Some publicly owned and operated entities and authorities can grapple with budgetary constraints and struggle to harness the capital necessary to invest in ensuring healthy and environmentally safe water infrastructure. Pennsylvania’s Act 12 of 2016 serves as a lifeline for these communities. By granting an option to sell municipal water and wastewater systems, the law allows municipalities to inject much-needed capital into their budgets to address essential issues such as public safety and infrastructure. Act 12 encourages private sector investment, fosters more efficient and technologically advanced water and wastewater systems, enhances operational efficiency, and provides improved service to consumers, and empowers local decision-making.
Thanks to resources such as economies of scale, private and consolidated water utilities are more equipped to make these needed investments and to introduce cutting-edge technologies and best management practices. This stimulates healthy competition and encourages continuous improvement in service delivery and infrastructure investments. They also are better positioned to protect against cyber terrorism, which recently struck a western Pennsylvania water system.

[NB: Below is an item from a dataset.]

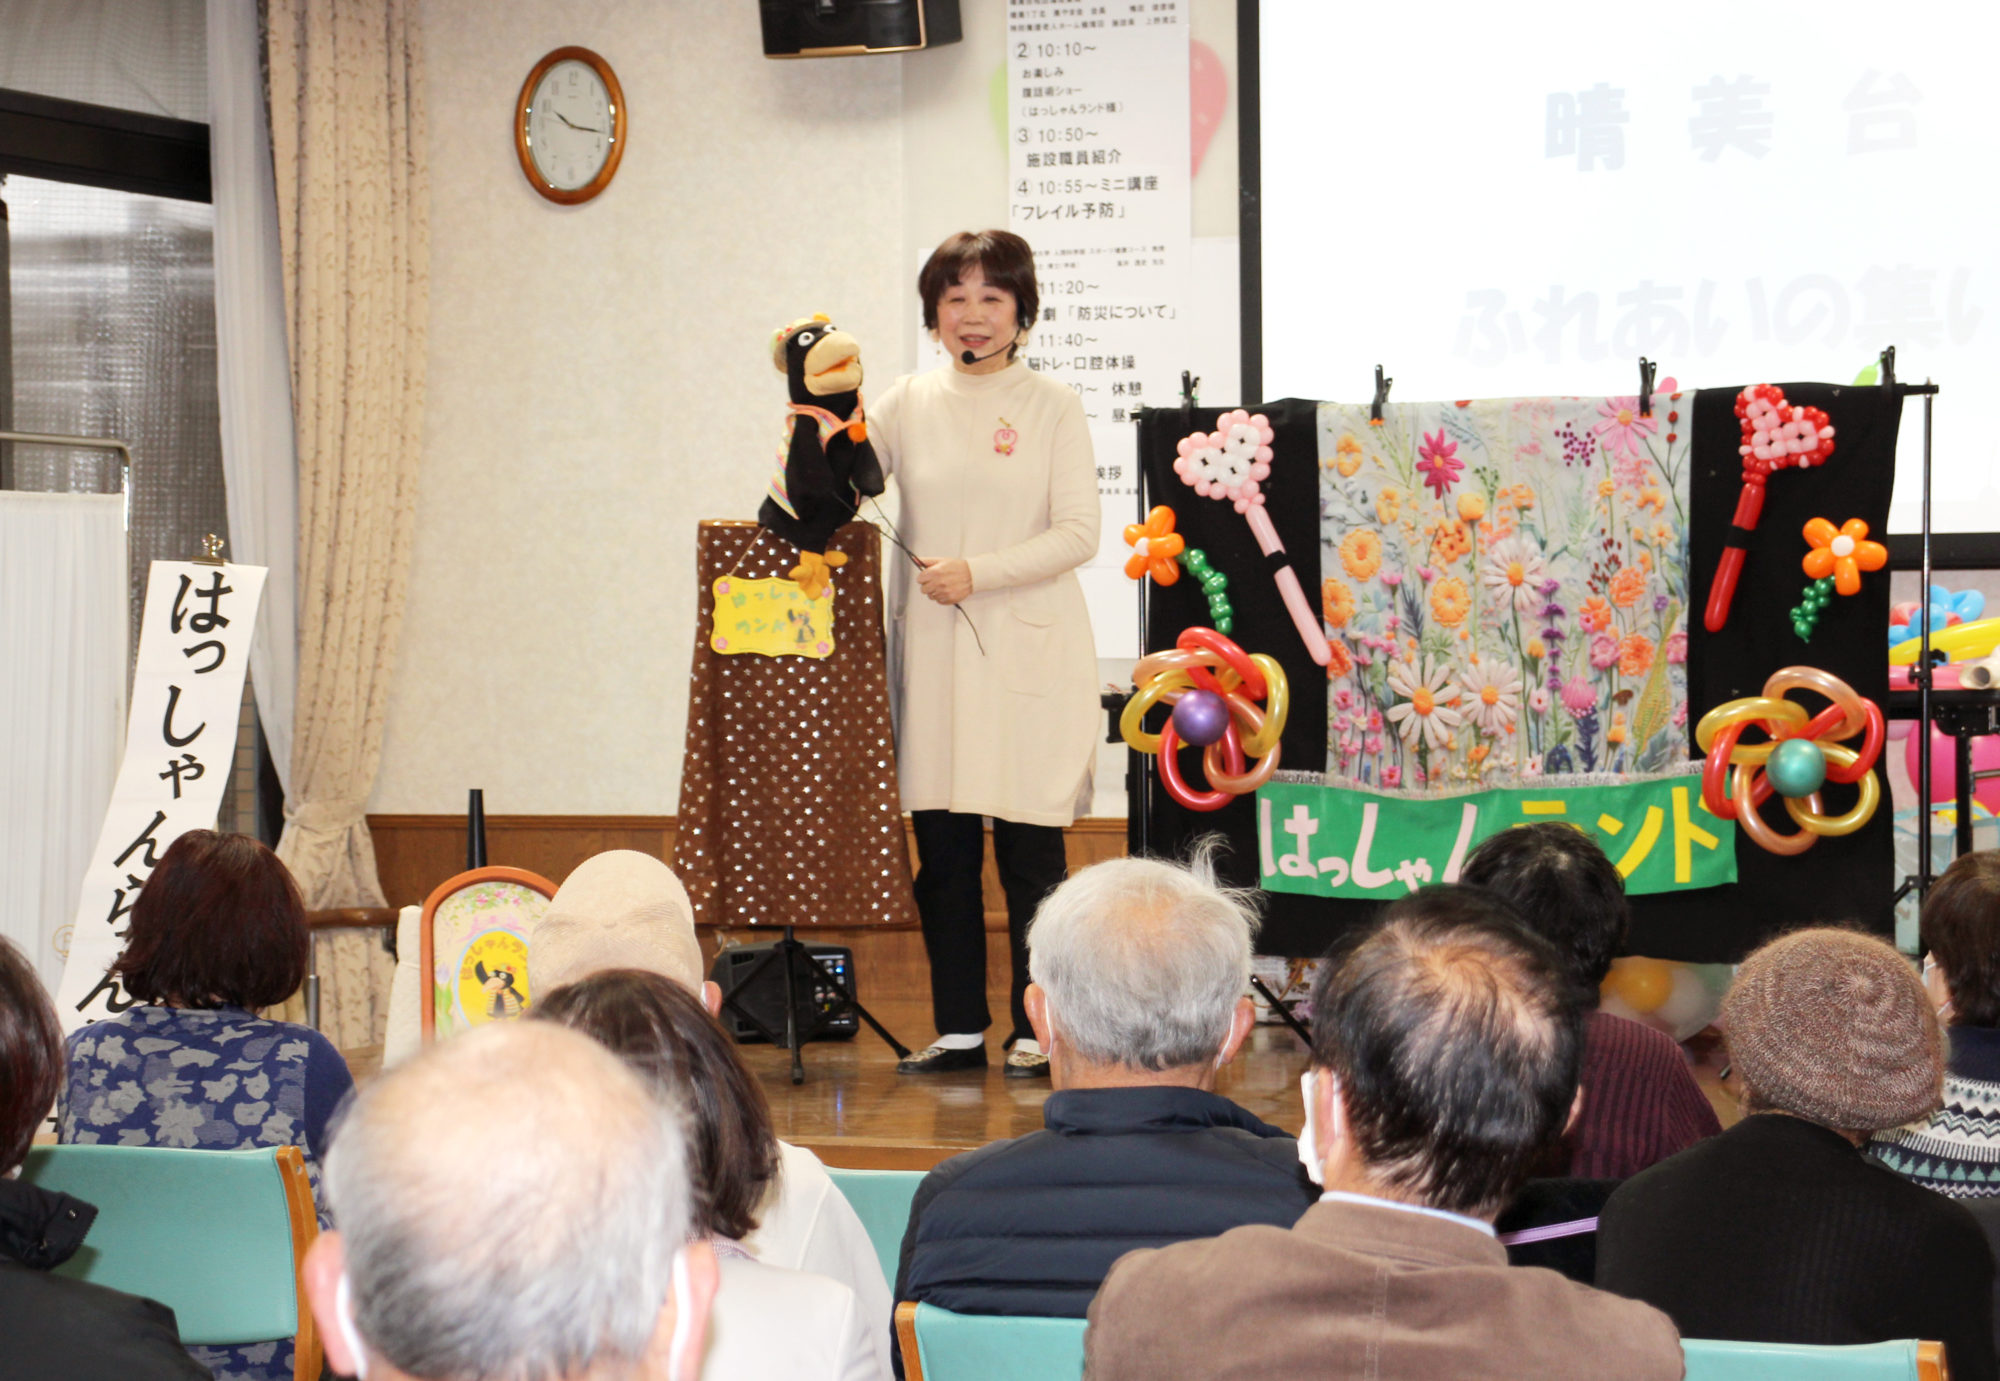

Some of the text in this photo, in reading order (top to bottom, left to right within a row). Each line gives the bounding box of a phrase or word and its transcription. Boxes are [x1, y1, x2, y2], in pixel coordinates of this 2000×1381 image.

Pennsylvania stands to gain immeasurably from embracing privatization and consolidation as a progressive approach to water and wastewater management. Support for the commonwealth’s water privatization and consolidation policies is imperative to empowering elected officials to make decisions that serve the best interests of their communities, especially when it comes to critical water and wastewater infrastructure. Pennsylvania must lead the charge in revitalizing its water and wastewater infrastructure in order to ensure a sustainable and resilient future. The collaborative efforts of regulators, policymakers, water consumers and companies are critical to overcoming the challenges that lie ahead.
Luke Bernstein is president and CEO of the Pennsylvania Chamber of Business and Industry.